> [INSTRUCTIONS TO FOLLOW]: Should any entry hold a picture, omit that picture and copy the rest of the entry exactly.

─── SOURCE DATA ───

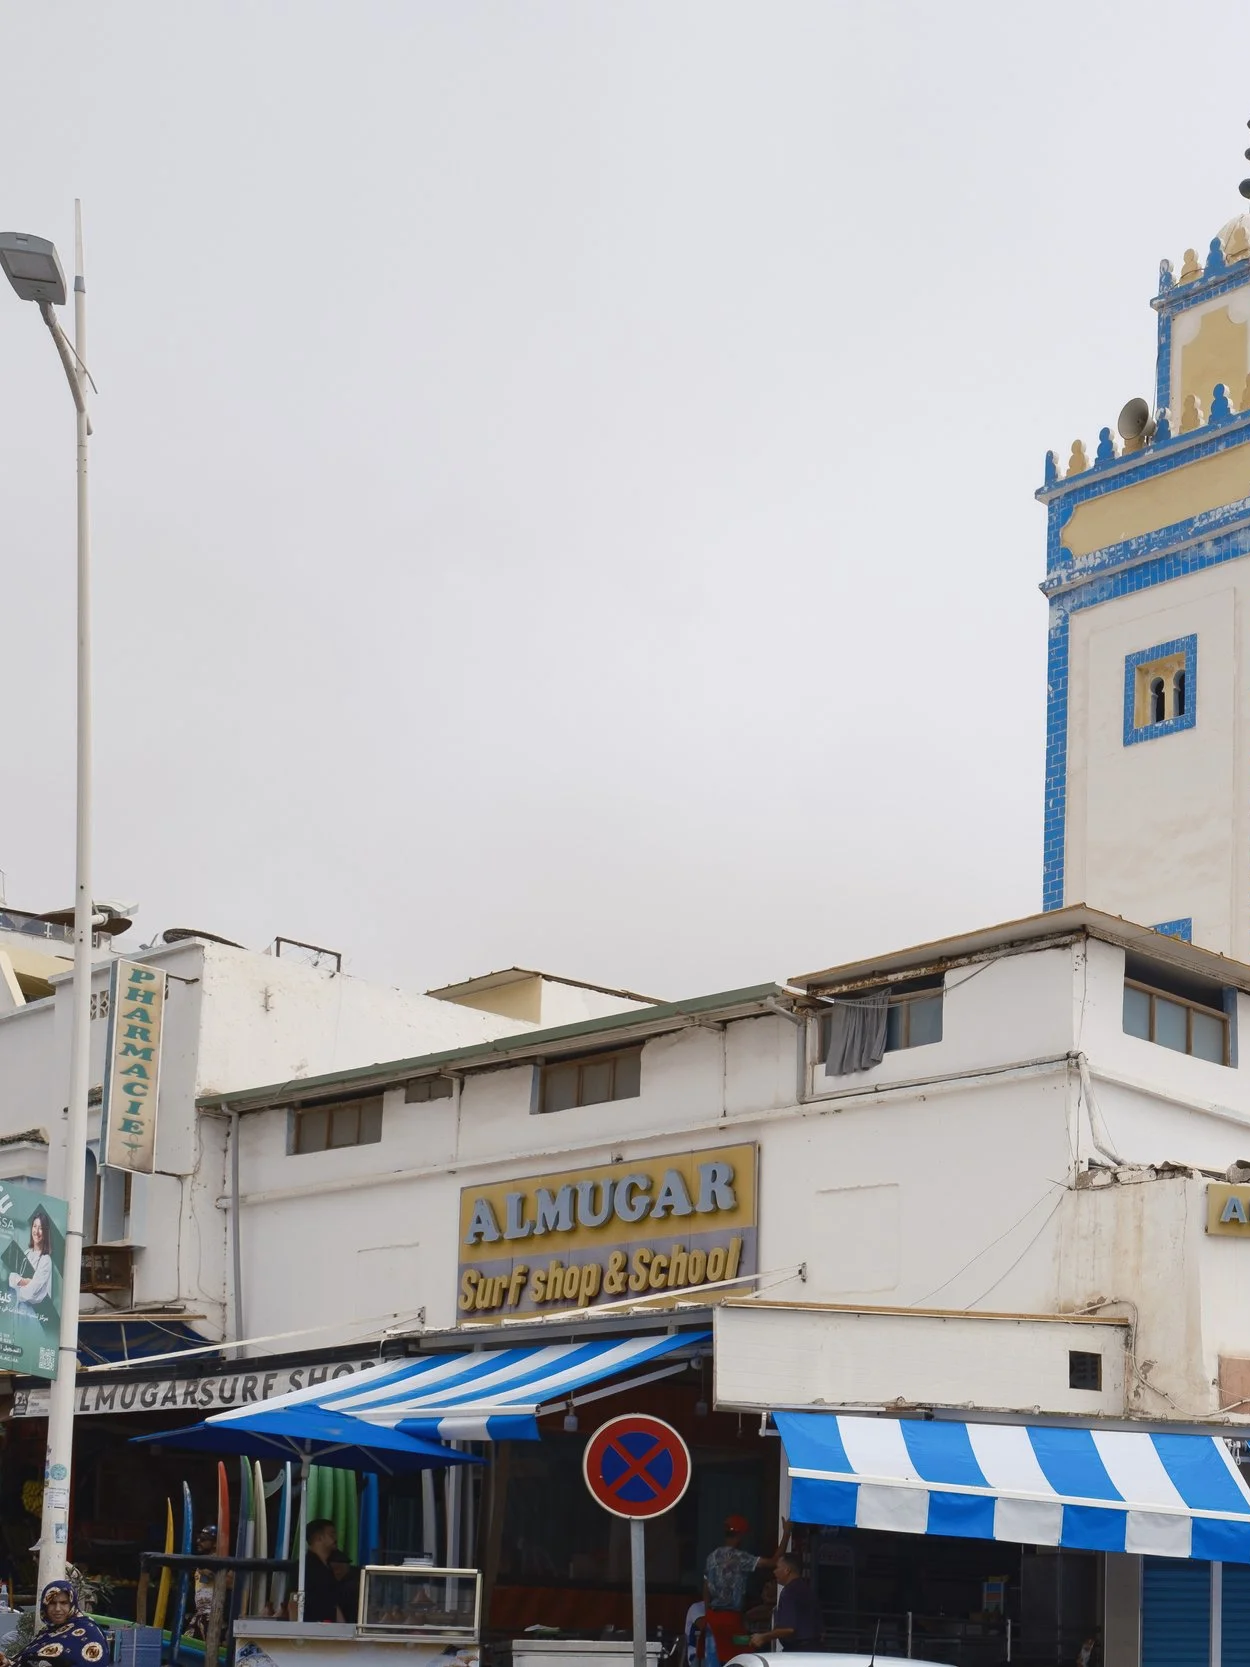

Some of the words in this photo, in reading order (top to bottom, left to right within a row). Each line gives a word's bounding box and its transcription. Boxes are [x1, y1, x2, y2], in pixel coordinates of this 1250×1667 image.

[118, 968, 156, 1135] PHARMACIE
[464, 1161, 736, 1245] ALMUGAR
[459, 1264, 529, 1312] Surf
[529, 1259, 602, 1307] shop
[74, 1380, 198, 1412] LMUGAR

───

> [FINAL ANSWER]:
Some of the words in this photo, in reading order (top to bottom, left to right within a row). Each line gives a word's bounding box and its transcription. Boxes are [x1, y1, x2, y2], in pixel coordinates of this 1250×1667 image.

[118, 968, 156, 1135] PHARMACIE
[464, 1161, 736, 1245] ALMUGAR
[459, 1264, 529, 1312] Surf
[529, 1259, 602, 1307] shop
[74, 1380, 198, 1412] LMUGAR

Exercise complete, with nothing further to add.